Records drawn from a dataset:
=== Begin Enclosure ===

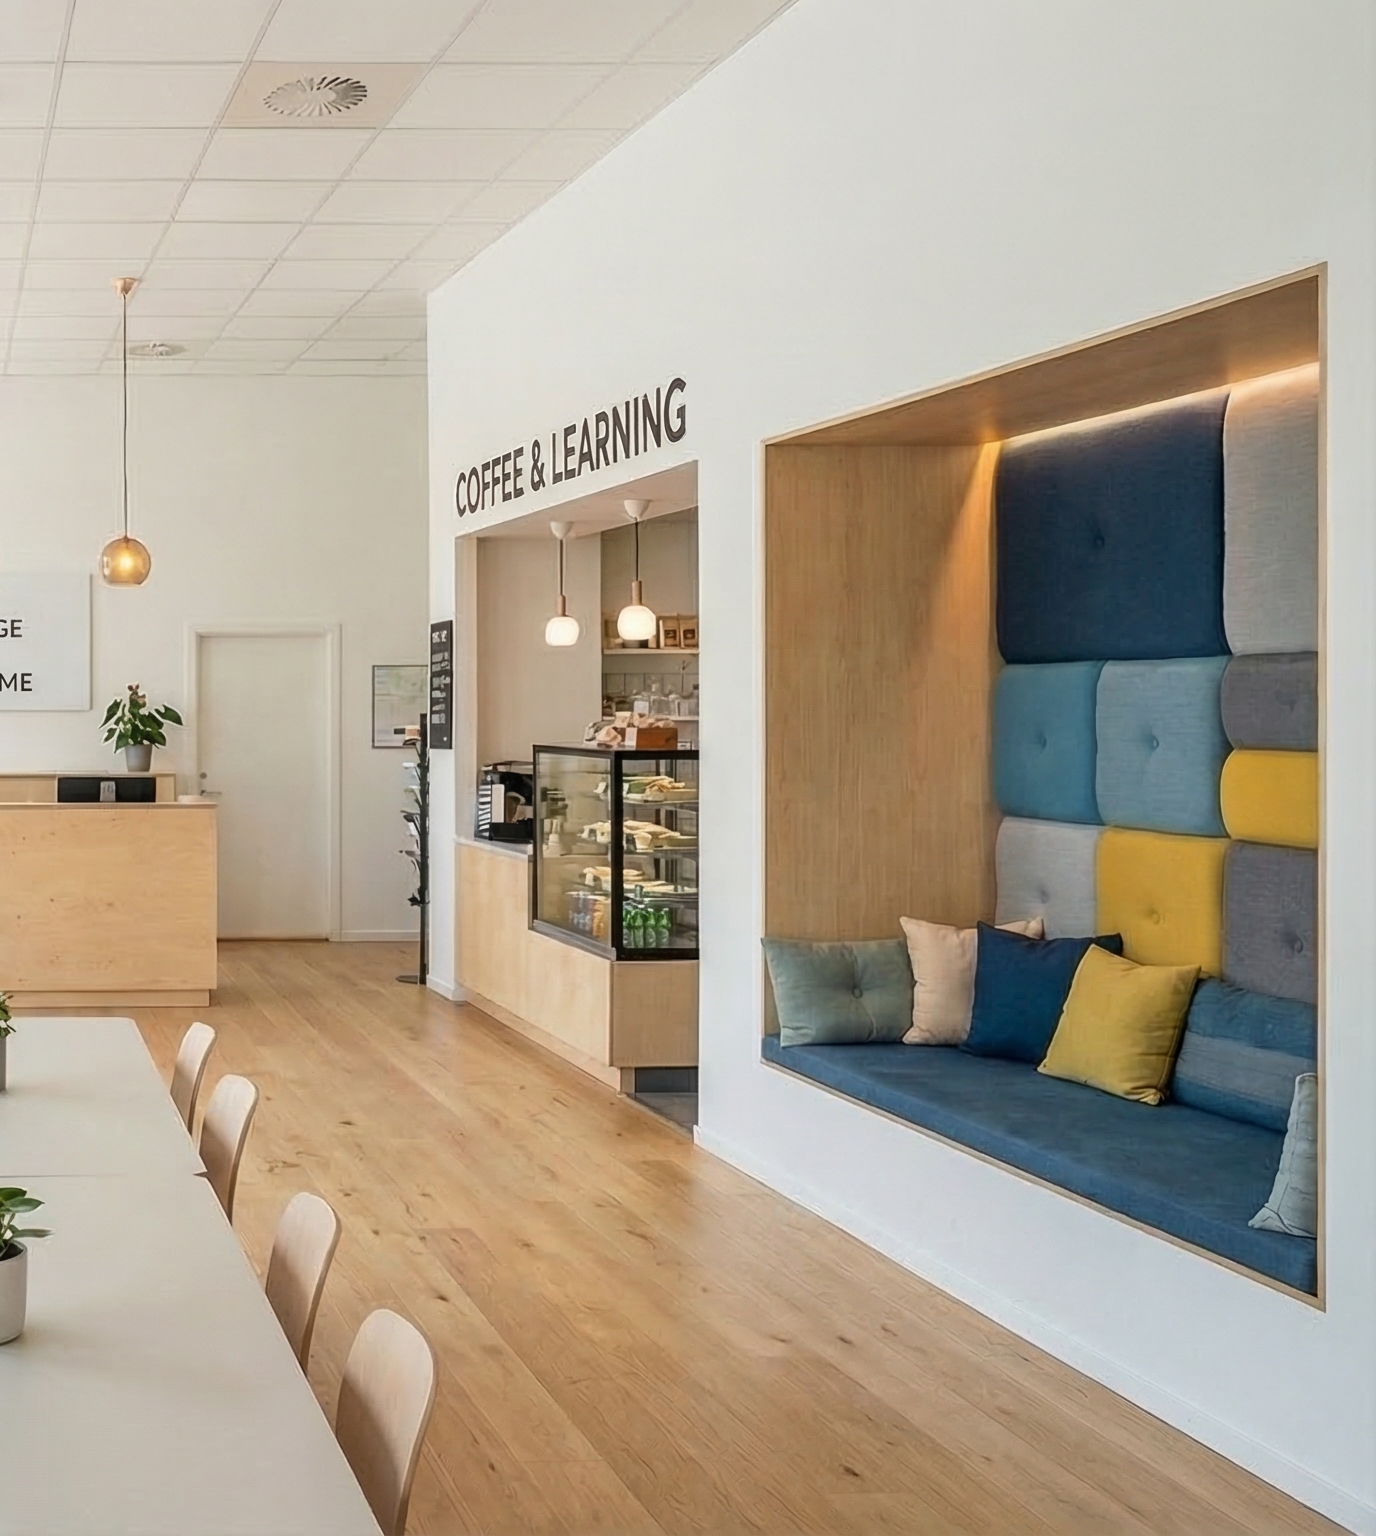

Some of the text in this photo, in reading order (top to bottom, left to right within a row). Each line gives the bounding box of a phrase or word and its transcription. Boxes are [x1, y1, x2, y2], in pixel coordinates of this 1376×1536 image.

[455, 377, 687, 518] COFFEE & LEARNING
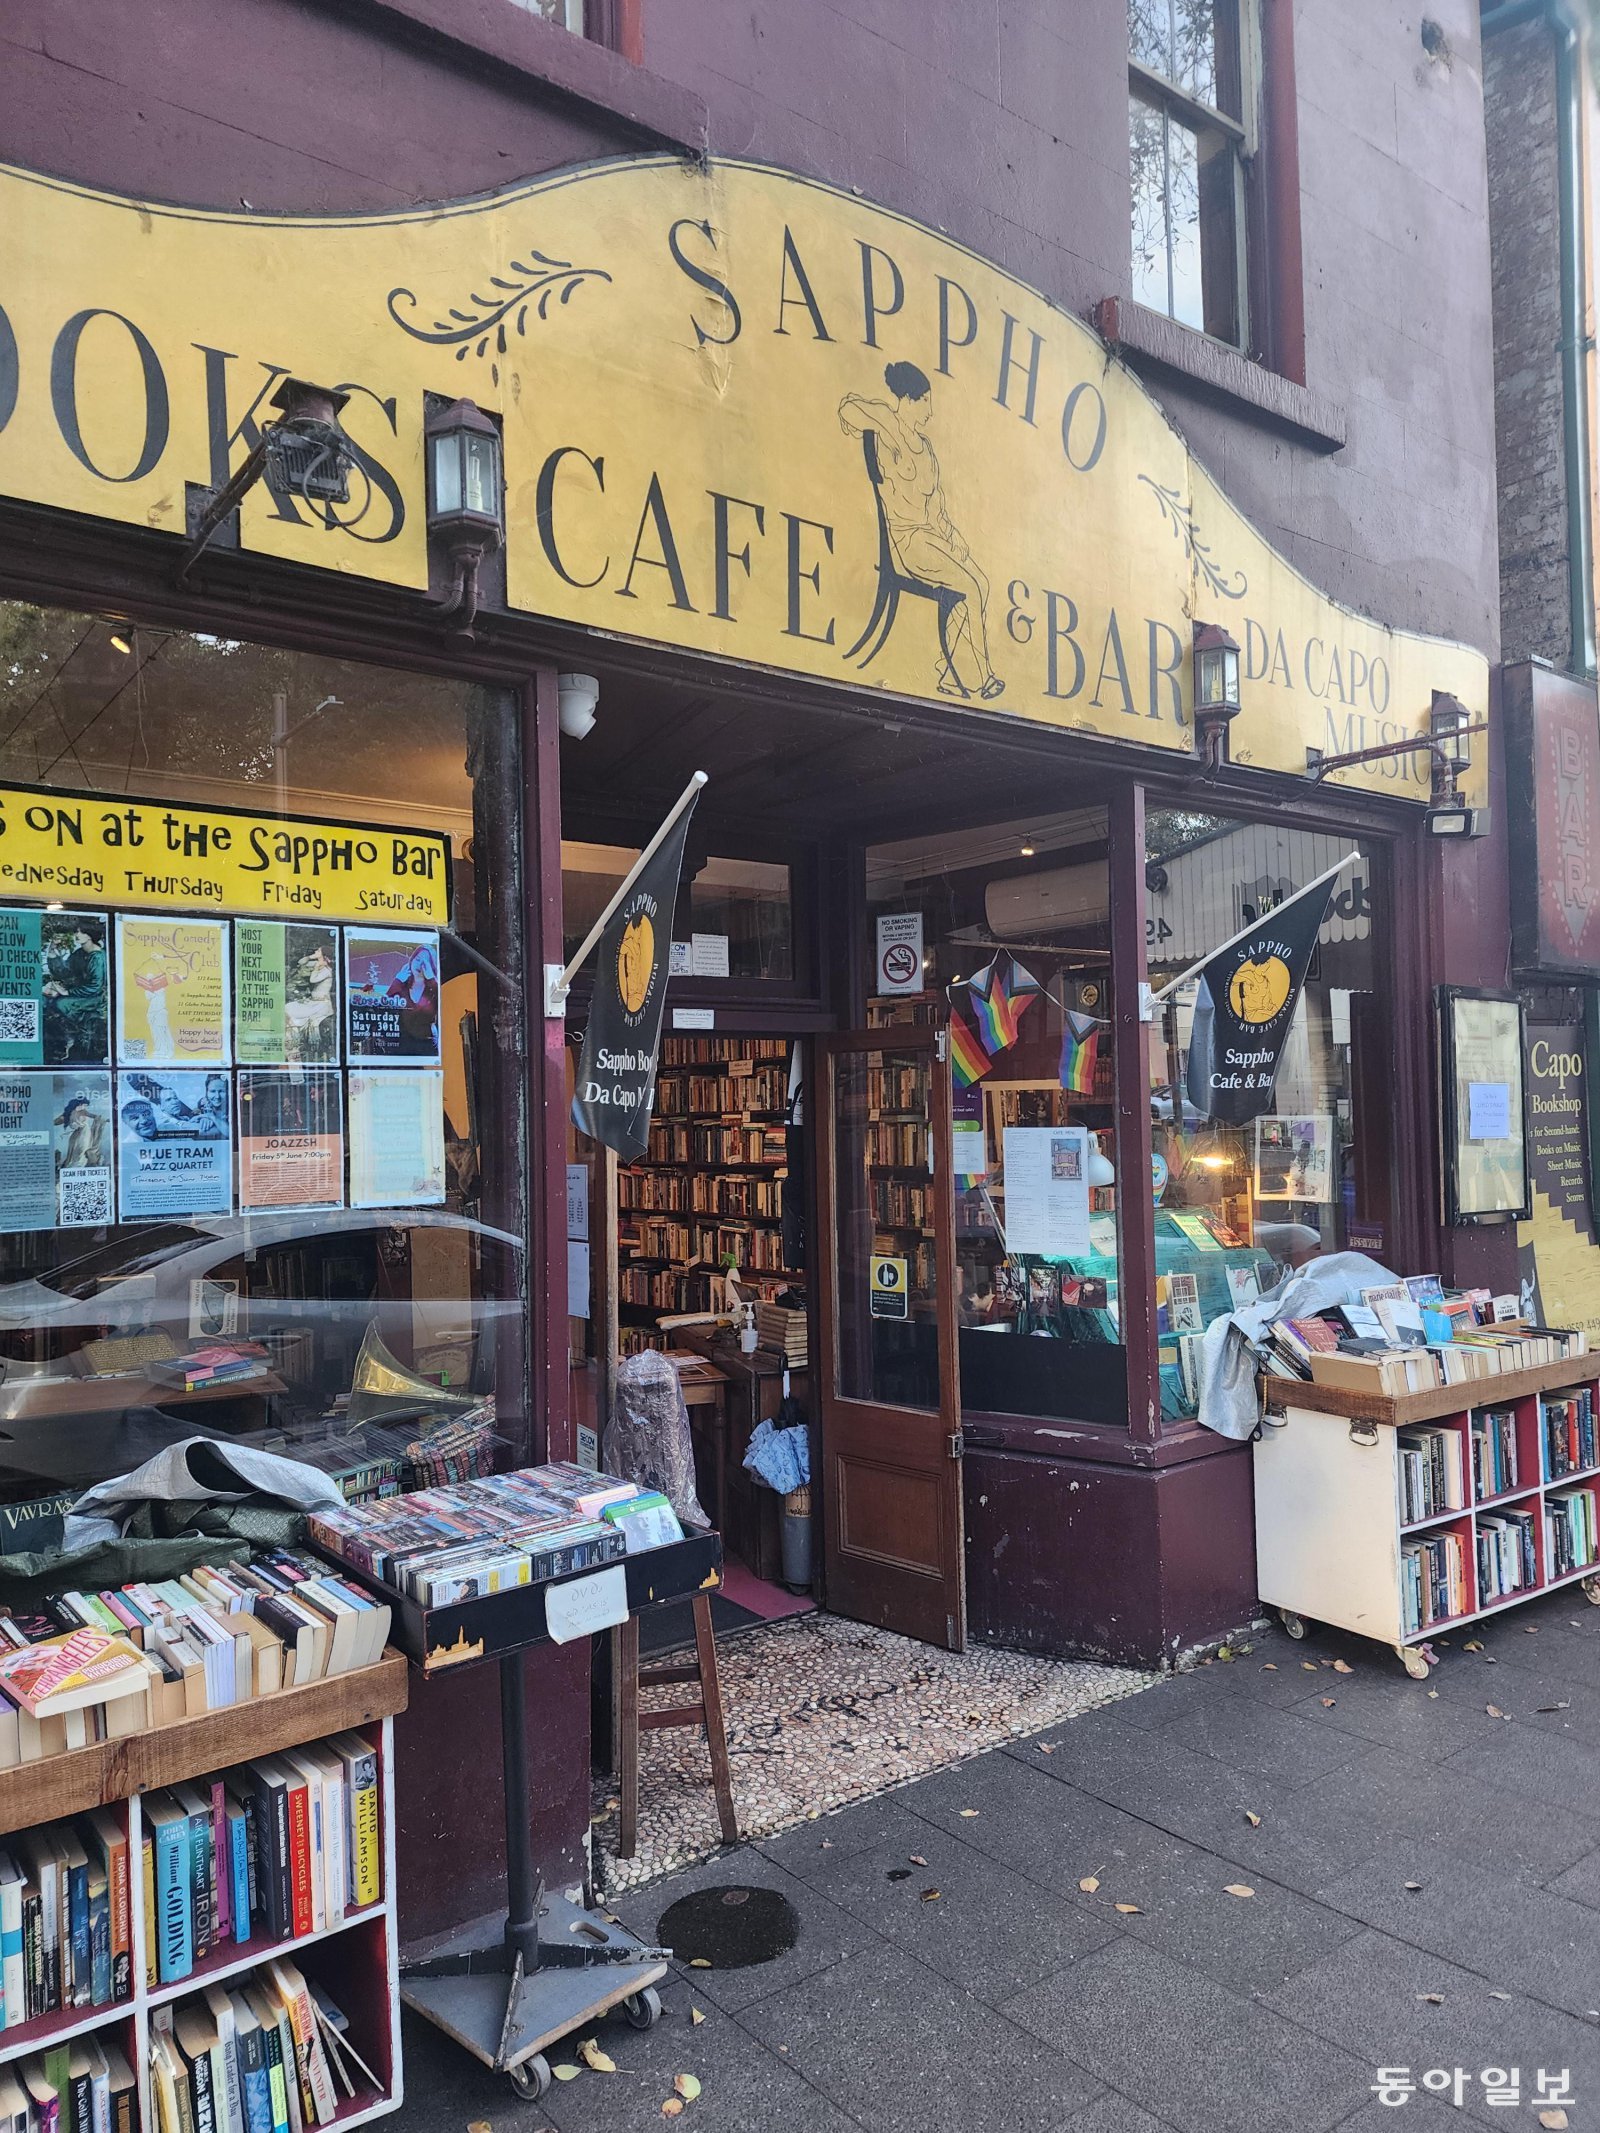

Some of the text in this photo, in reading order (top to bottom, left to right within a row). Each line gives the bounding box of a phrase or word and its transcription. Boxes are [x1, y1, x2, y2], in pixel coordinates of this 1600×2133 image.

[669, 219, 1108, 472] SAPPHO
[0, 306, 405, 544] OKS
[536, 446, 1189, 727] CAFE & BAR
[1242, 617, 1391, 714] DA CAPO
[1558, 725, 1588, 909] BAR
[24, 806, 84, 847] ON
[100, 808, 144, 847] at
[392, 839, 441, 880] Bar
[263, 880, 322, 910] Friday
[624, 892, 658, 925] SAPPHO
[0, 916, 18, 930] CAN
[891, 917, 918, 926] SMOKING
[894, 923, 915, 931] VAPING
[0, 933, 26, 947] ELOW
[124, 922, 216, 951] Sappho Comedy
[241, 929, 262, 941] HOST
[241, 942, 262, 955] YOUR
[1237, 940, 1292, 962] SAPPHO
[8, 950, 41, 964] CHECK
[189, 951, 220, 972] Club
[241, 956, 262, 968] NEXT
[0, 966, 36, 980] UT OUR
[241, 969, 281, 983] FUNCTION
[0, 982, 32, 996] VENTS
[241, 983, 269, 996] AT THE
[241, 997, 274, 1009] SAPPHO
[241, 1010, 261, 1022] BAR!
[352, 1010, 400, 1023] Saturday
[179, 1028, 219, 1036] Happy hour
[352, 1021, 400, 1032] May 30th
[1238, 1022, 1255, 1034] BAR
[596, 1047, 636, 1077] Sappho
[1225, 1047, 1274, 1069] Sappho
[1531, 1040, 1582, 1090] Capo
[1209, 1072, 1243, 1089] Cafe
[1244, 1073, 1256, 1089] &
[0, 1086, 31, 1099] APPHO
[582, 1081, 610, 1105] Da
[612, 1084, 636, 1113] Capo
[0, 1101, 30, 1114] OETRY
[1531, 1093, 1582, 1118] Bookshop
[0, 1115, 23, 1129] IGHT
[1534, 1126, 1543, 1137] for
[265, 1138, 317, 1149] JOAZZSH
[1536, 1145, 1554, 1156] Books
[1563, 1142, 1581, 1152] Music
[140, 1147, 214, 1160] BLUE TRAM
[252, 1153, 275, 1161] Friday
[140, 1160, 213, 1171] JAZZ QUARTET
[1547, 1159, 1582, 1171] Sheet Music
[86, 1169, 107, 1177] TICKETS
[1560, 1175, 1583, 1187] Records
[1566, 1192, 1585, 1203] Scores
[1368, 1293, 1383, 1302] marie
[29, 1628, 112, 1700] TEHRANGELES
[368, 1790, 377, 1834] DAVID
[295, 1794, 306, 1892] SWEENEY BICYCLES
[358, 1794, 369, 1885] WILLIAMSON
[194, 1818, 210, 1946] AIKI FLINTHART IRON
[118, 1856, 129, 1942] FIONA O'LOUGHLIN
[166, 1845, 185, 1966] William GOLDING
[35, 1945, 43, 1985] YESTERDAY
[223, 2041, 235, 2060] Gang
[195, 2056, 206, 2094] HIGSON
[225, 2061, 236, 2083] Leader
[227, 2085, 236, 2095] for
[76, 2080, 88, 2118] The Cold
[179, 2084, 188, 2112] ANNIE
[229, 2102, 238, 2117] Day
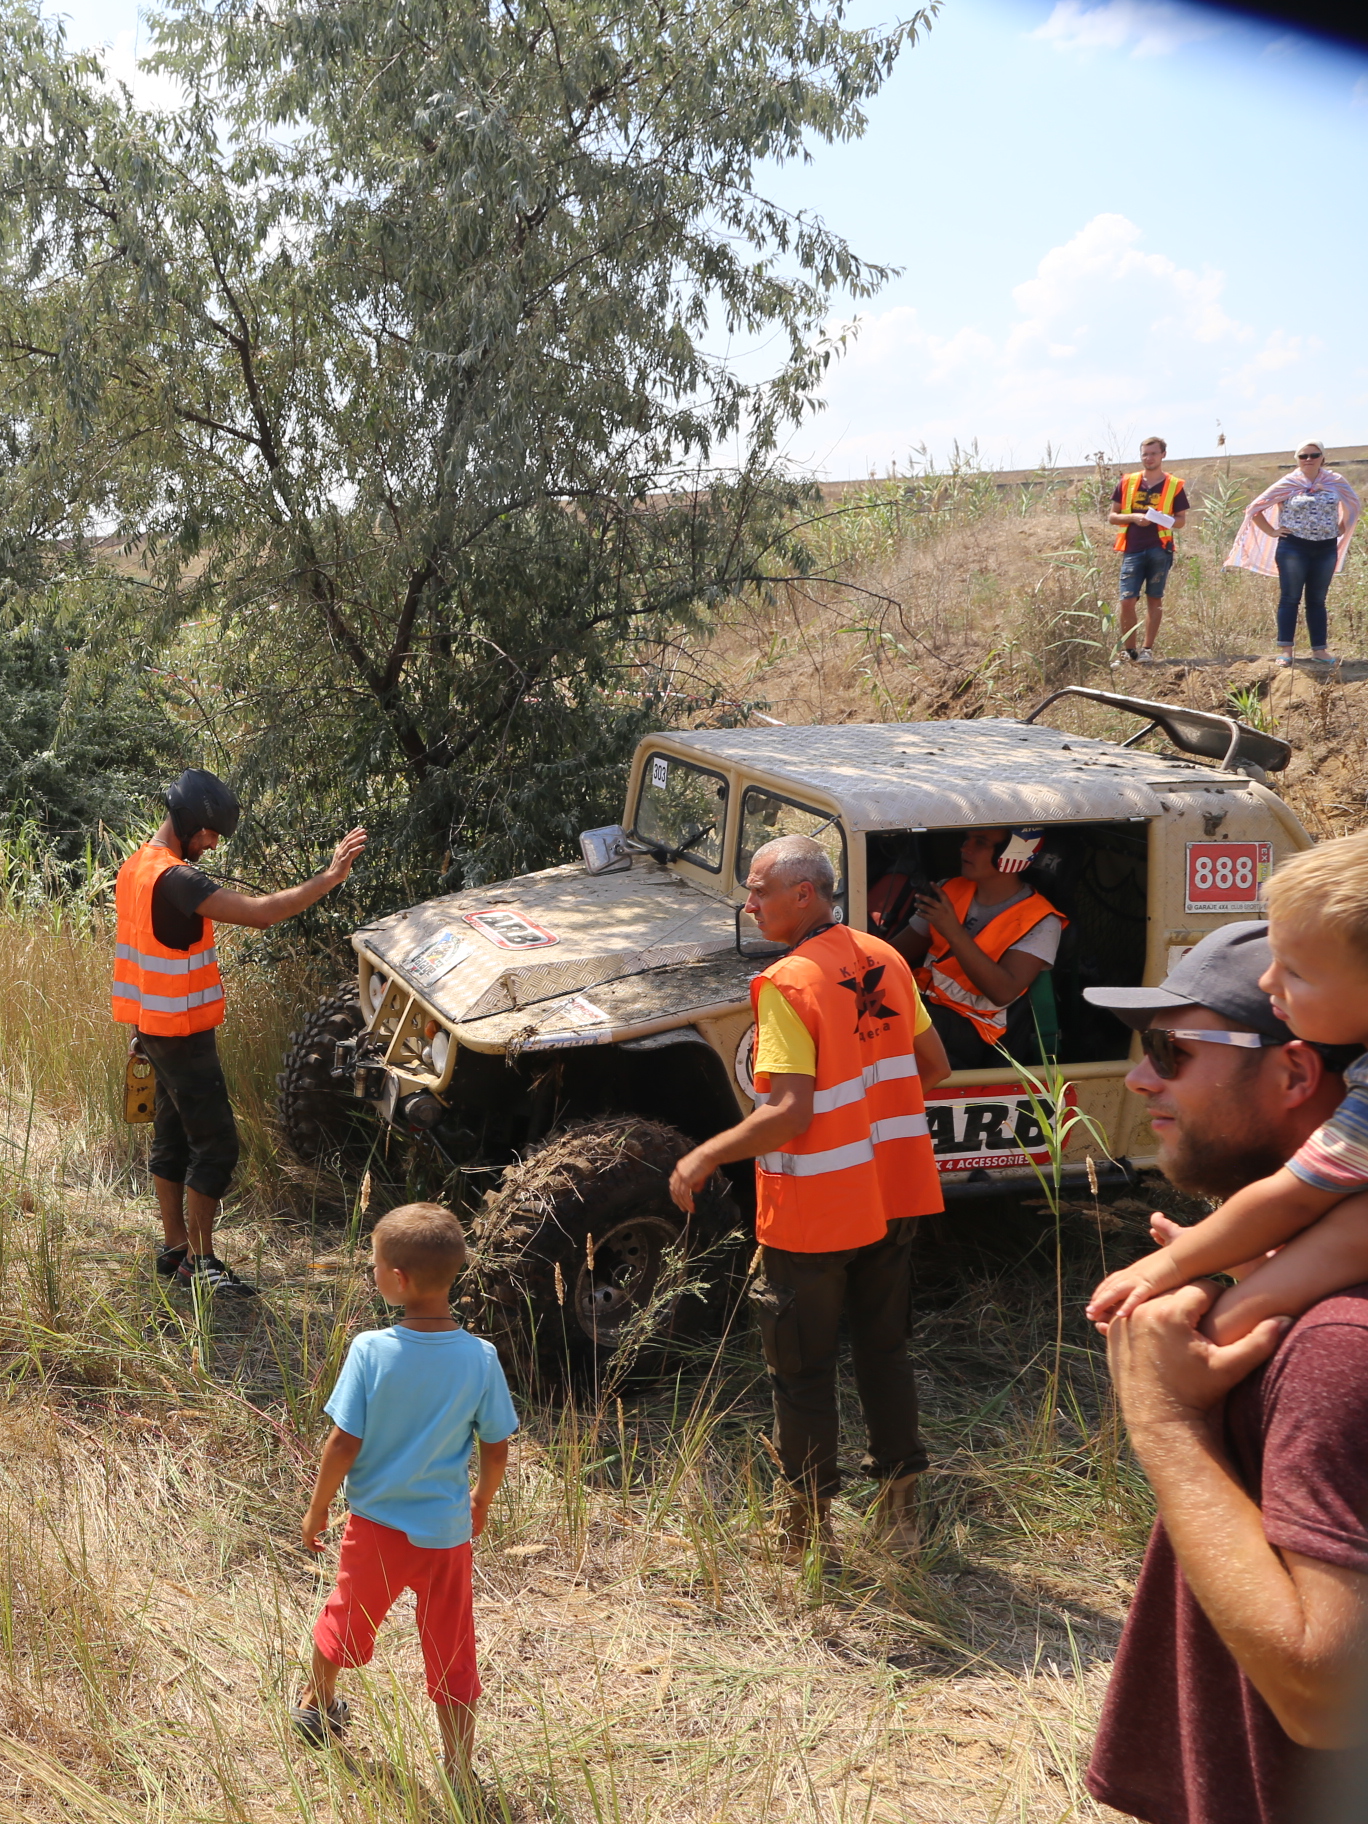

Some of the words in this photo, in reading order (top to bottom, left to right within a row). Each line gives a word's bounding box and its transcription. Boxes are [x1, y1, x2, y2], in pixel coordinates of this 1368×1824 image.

=== End Enclosure ===

What the task asks
A faithful copy is needed: reproduce all of the data above, leaving the pictures out.

Exercise response
Some of the text in this photo, in reading order (top to bottom, left to right within a row). Each line gives the bounding box of a phrase or word and its transcription. Boxes are [x1, y1, x2, y2], in pixel coordinates of this 1376×1536 image.

[455, 377, 687, 518] COFFEE & LEARNING

Some of the text in this photo, in reading order (top to bottom, left to right within a row). Each line gives the bounding box of a phrase or word and its transcription. Boxes are [x1, y1, x2, y2], in pixel coordinates of this 1600×2133 image.

[669, 219, 1108, 472] SAPPHO
[0, 306, 405, 544] OKS
[536, 446, 1189, 727] CAFE & BAR
[1242, 617, 1391, 714] DA CAPO
[1558, 725, 1588, 909] BAR
[24, 806, 84, 847] ON
[100, 808, 144, 847] at
[392, 839, 441, 880] Bar
[263, 880, 322, 910] Friday
[624, 892, 658, 925] SAPPHO
[0, 916, 18, 930] CAN
[891, 917, 918, 926] SMOKING
[894, 923, 915, 931] VAPING
[0, 933, 26, 947] ELOW
[124, 922, 216, 951] Sappho Comedy
[241, 929, 262, 941] HOST
[241, 942, 262, 955] YOUR
[1237, 940, 1292, 962] SAPPHO
[8, 950, 41, 964] CHECK
[189, 951, 220, 972] Club
[241, 956, 262, 968] NEXT
[0, 966, 36, 980] UT OUR
[241, 969, 281, 983] FUNCTION
[0, 982, 32, 996] VENTS
[241, 983, 269, 996] AT THE
[241, 997, 274, 1009] SAPPHO
[241, 1010, 261, 1022] BAR!
[352, 1010, 400, 1023] Saturday
[179, 1028, 219, 1036] Happy hour
[352, 1021, 400, 1032] May 30th
[1238, 1022, 1255, 1034] BAR
[596, 1047, 636, 1077] Sappho
[1225, 1047, 1274, 1069] Sappho
[1531, 1040, 1582, 1090] Capo
[1209, 1072, 1243, 1089] Cafe
[1244, 1073, 1256, 1089] &
[0, 1086, 31, 1099] APPHO
[582, 1081, 610, 1105] Da
[612, 1084, 636, 1113] Capo
[0, 1101, 30, 1114] OETRY
[1531, 1093, 1582, 1118] Bookshop
[0, 1115, 23, 1129] IGHT
[1534, 1126, 1543, 1137] for
[265, 1138, 317, 1149] JOAZZSH
[1536, 1145, 1554, 1156] Books
[1563, 1142, 1581, 1152] Music
[140, 1147, 214, 1160] BLUE TRAM
[252, 1153, 275, 1161] Friday
[140, 1160, 213, 1171] JAZZ QUARTET
[1547, 1159, 1582, 1171] Sheet Music
[86, 1169, 107, 1177] TICKETS
[1560, 1175, 1583, 1187] Records
[1566, 1192, 1585, 1203] Scores
[1368, 1293, 1383, 1302] marie
[29, 1628, 112, 1700] TEHRANGELES
[368, 1790, 377, 1834] DAVID
[295, 1794, 306, 1892] SWEENEY BICYCLES
[358, 1794, 369, 1885] WILLIAMSON
[194, 1818, 210, 1946] AIKI FLINTHART IRON
[118, 1856, 129, 1942] FIONA O'LOUGHLIN
[166, 1845, 185, 1966] William GOLDING
[35, 1945, 43, 1985] YESTERDAY
[223, 2041, 235, 2060] Gang
[195, 2056, 206, 2094] HIGSON
[225, 2061, 236, 2083] Leader
[227, 2085, 236, 2095] for
[76, 2080, 88, 2118] The Cold
[179, 2084, 188, 2112] ANNIE
[229, 2102, 238, 2117] Day

Some of the words in this photo, in reading order (top to bottom, left to right within a row). Each line gives a word's bounding box and its transcription. Boxes are [x1, y1, x2, y2], in pixel coordinates of this 1368×1824 image.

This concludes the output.